The far left has been opposing the Iraq war for some time, but In the Valley of Elah tells the story of moderate, middle America coming to grips with the with its grim realities. In a stock murder mystery format, it shows young men (female soldiers are noticeably absent from the film) who go away to war as heroes and return capable of frightening violence. The movie is finally getting people to talk about something on the fringe of most discussions about the Iraq War: What happens to returning soldiers?
The movie begins with Hank Deerfield, a Vietnam Army veteran who gets a call notifying him that his son has gone AWOL days after returning from a deployment to Iraq. Deerfield decides to make the journey to Fort Rudd to investigate his son's disappearance. There, he turns to a local police detective, Emily Sanders (played by Charlize Theron), for help. The story is punctuated by a series of cell phone videos taken by the missing son which depict gruesome and callous scenes from Iraq. Deerfield discovers that his son has been violently murdered and the body dismembered.
Many critics have leveled the complaint that Haggis is clearly working too hard to turn middle America against the war and that he's really just after another Oscar. Regardless of whether Haggis is after another gold statue, the film presents a story that is real enough. The story of Richard Davis' murder, recounted by Mark Boal in a 2004 article for Playboy titled "Death and Dishonor," explored the army's investigation into a similar incident near Fort Benning in Georgia.
What's peaking though the fairly transparent plot is the costs of sending soldiers to war -- encouraging them to torture and kill terrorists (or suspected terrorists) -- and returning them home unable to continue with normal lives. A side plot of the film has a woman ahead of Deerfield at the police station there to report her husband's (another recently returned Iraq vet) violent drowning of the family's Doberman Pincher in the bathtub in front of their son. Later in the film he is arrested for drowning his wife, who Theron's character had sent home without helping.
The movie clearly depicts post traumatic stress disorder. But what makes In the Valley of Elah portrayal valuable is that it depicts the strain of PTSD on families and communities as well.

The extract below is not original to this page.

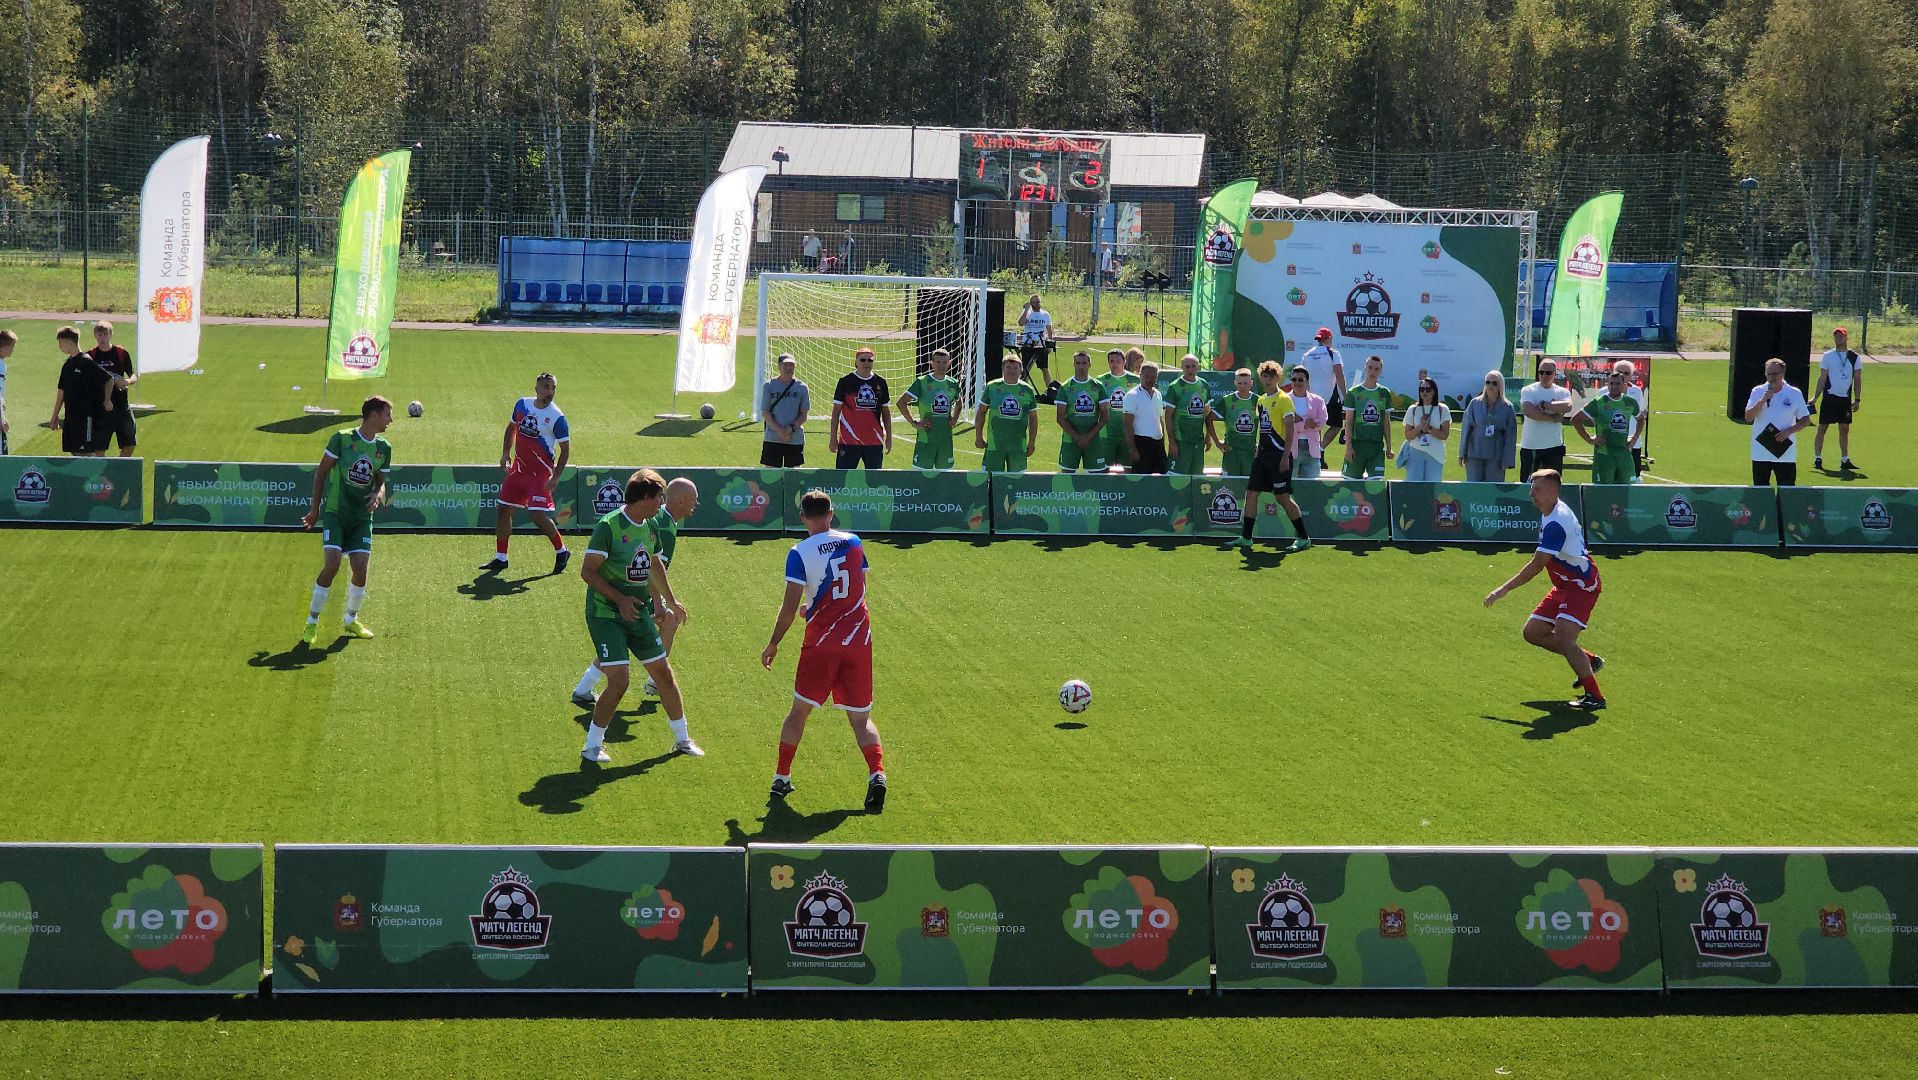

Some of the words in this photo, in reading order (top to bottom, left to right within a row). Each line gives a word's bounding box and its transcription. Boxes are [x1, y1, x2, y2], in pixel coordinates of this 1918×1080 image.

Official estimates of how many Iraq war veterans might be affected by PTSD vary, mainly because it's something that affects patients in a matter of degrees, many of which are not necessarily violent. It's a cost of war that's little talked about estimated to cost billions of dollars. Many psychologists, including the American Psychological Association's Education Directorate, advocate a public education campaign that would not only teach soldiers and their families what the symptoms of PTSD are (often sleeplessness, flashbacks, problems with aggression, and relationship stress) but also instruct the public that PTSD can be a normal reaction to abnormal levels of stress or violence, especially when encountered for long periods of time. Some soldiers are serving tours as long as 15 months.
Congress has been debating what to do about returning soldiers and the possibility of increased levels of PTSD. Since the Democrats took control of Congress, the House Veterans Affairs Committee has tacked on increased funding for veterans health care to every a war supplemental. What's more, many soldiers come from rural areas, too far from VA facilities to count VA benefits as accessible health care. A Harvard study estimated as a result about 1.8 million veterans are effectively uninsured.
Moreover, as the American Journal of Psychiatry found, mental health illnesses like PTSD are expensive and difficult to treat. They usually require a combination of counseling, working with the families to monitor outpatient behavior, and in some cases, medication. What's more, there's a social stigma attached soldiers -- heroes to so many -- having to admit what is perceived as weakness.
The uncomfortable truth Haggis presents is that people generally presented as heroes are doing horrifying things. The film's greatest strength as a piece of anti-war commentary is its broad appeal. Those who may be uncomfortable with outright opposition to the war will find it easier to dislike what the war is doing to veterans. By focusing on the home front instead of the war Haggis makes a simple point: War's horrific aftereffects on soldiers reverberate far beyond the conflict. At the end of the film Deerfield returns to the groundskeeper from the beginning of the film with a flag his son mailed him from Iraq. Once again Deerfield instructs the man, but this time, he runs the flag up upside down, and tapes the ropes in place so that it cannot be moved. Haggis has taken his stance -- America is in distress.